Hubo un tiempo en que un pub irlandés era la clase de pub que encontrabas en Irlanda. Hoy, un pub irlandés es sobre todo un tipo determinado de bar que abunda en los centros comerciales y las localidades de playa. Algo parecido es lo que le ha sucedido al futuro, ese lugar deslumbrante o terrorífico (según versiones) hacía que el progreso nos conducía irremediablemente. El siglo XX fue una fábrica incesante de imágenes y escenarios sobre el mañana. Algo ha sucedido para que en el nuevo siglo nuestra relación con las visiones colectivas del porvenir haya cambiado irremediablemente, y sintamos la misma nostalgia por el futuro que nunca llegó (¿donde están los coches voladores?) que incapacidad para forjar visiones inéditas. En palabras del teórico del diseño John Thackara, el futuro es un paradigma que se ha quedado anticuado.
El papel del futuro
Pensar sobre este giro del papel cultural del futuro es el eje de la edición 2010 de Transmediale, el festival de arte, pensamiento y tecnología que toma la ciudad de Berlín la primera semana de febrero.

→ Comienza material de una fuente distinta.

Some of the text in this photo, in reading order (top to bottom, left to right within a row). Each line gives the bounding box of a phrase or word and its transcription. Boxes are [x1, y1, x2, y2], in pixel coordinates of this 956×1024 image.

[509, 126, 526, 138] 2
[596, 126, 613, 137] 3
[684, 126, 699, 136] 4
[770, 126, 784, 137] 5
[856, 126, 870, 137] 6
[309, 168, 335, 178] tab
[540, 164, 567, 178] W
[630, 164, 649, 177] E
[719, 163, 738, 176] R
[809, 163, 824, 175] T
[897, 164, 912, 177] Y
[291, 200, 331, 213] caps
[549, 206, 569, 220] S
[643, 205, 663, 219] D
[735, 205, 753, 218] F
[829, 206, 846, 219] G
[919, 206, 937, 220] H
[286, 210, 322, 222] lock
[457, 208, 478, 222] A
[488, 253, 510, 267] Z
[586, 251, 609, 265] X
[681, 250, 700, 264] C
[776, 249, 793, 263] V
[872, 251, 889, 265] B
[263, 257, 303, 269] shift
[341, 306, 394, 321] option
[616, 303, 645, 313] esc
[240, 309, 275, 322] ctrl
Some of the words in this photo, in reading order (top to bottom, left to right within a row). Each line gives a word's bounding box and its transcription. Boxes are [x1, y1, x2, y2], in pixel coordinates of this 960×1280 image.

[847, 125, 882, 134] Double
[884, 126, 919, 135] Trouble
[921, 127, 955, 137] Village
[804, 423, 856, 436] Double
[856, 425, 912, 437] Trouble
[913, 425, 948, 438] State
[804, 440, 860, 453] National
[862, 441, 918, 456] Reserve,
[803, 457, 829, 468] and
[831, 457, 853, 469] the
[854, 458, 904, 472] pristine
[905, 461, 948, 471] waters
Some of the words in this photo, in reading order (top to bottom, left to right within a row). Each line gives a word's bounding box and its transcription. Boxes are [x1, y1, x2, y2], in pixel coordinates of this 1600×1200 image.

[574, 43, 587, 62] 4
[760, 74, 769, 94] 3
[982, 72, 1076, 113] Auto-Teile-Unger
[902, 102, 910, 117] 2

Nació a finales de los 80 como un evento paralelo de la Berlinale para acoger a toda la producción audiovisual contemporánea que existía más allá de los confines del cine. Hoy este festival se ha convertido en un abanico de propuestas escénicas, plásticas y visuales que exploran el espacio de cruce entre el arte contemporáneo y la cultura digital, quizás de forma menos tecnocéntrica y más árida que la otra gran cita europea, Ars Electronica.
El festival arrancará este año con una explosión de campanas, y con rayos que cruzarán el cielo sobre Berlín. Las primeras surgirán del carrillón del parque de Tiergarten interpretadas por el compositor minimalista norteamericano Charlemagne Palestine, coetáneo en los 70 de Glass y Riley y conocido por su ritualismo shamánico. Las luces surgirán del arco iris artificial construido por Yvete Mattern. From One to Many es una proyección de lásers de siete colores que unirán durante el festival las dos sedes del evento; en un extremo la Casa de Culturas del Mundo, cerca de la puerta de Brandenburgo, y en el otro Alexanderplatz, el espacio donde se sitúa el Club Transmediale, el espacio nocturno de sonidos experimentales.

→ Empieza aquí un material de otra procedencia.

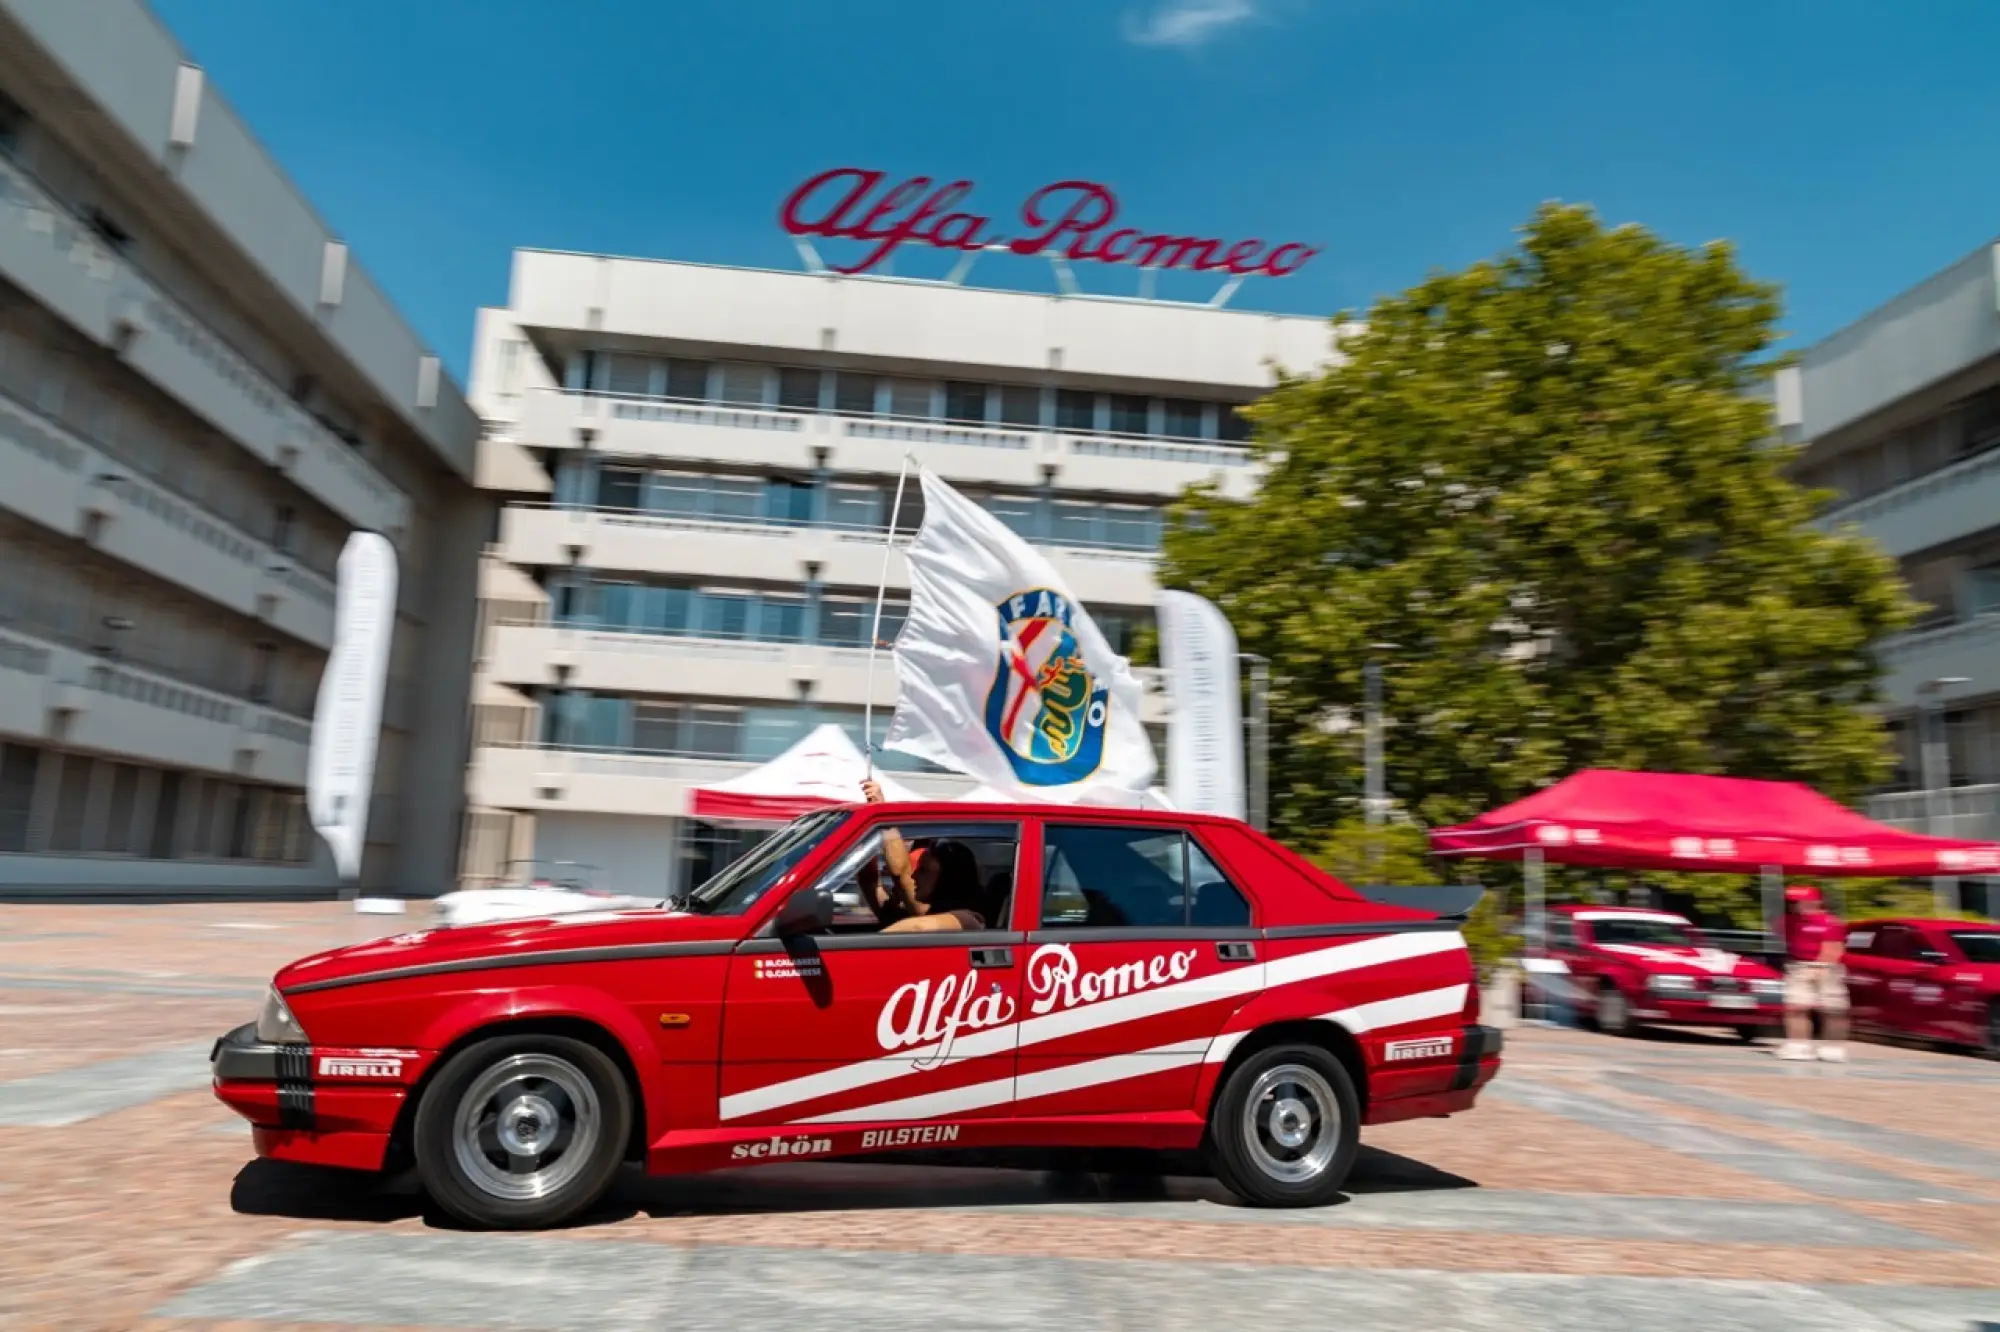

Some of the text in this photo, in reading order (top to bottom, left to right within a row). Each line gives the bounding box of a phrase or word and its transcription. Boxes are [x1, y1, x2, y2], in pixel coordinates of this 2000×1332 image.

Reinventar el mañana El futuro ahora, título bajo el que se celebra la edición de este año de Transmediale, intentará trazar una posible hoja de ruta para reinventar el ejercicio de imaginar el mundo del mañana, en un momento en que el futuro vive una crisis de identidad. El académico y crítico de la ciberélite Richard Barbrook, uno de los participantes en el simposio del festival, propone que comencemos a tener una visión política de cómo se forjaron las tecnoutopías futuristas del pasado siglo. Otras voces, como la del padre de la arqueología de los media, Siegfried Zielinski, o el escritor de ciencia ficción Bruce Sterling, defienden que necesitamos darle la vuelta a nuestra relación con el tiempo. La atemporalidad para Sterling es una actitud de cosmopolitismo temporal, en que un objeto o idea no resulta arcaico o futurista en función de la época de la que procede, sino de la lectura que podemos hacer de él en su contexto actual. Las conexiones no lineales y contraintuitivas entre progreso, utopía e historia están presentes también en la exposición central del festival, Future Obscura, dedicada a las máquinas audiovisuales del pasado-futuro, y en los nueve proyectos finalistas del premio Transmediale, ente los que se encuentra Chapter One The Discovery, un proyecto del español Félix Luque producido para LABoral de Gijón.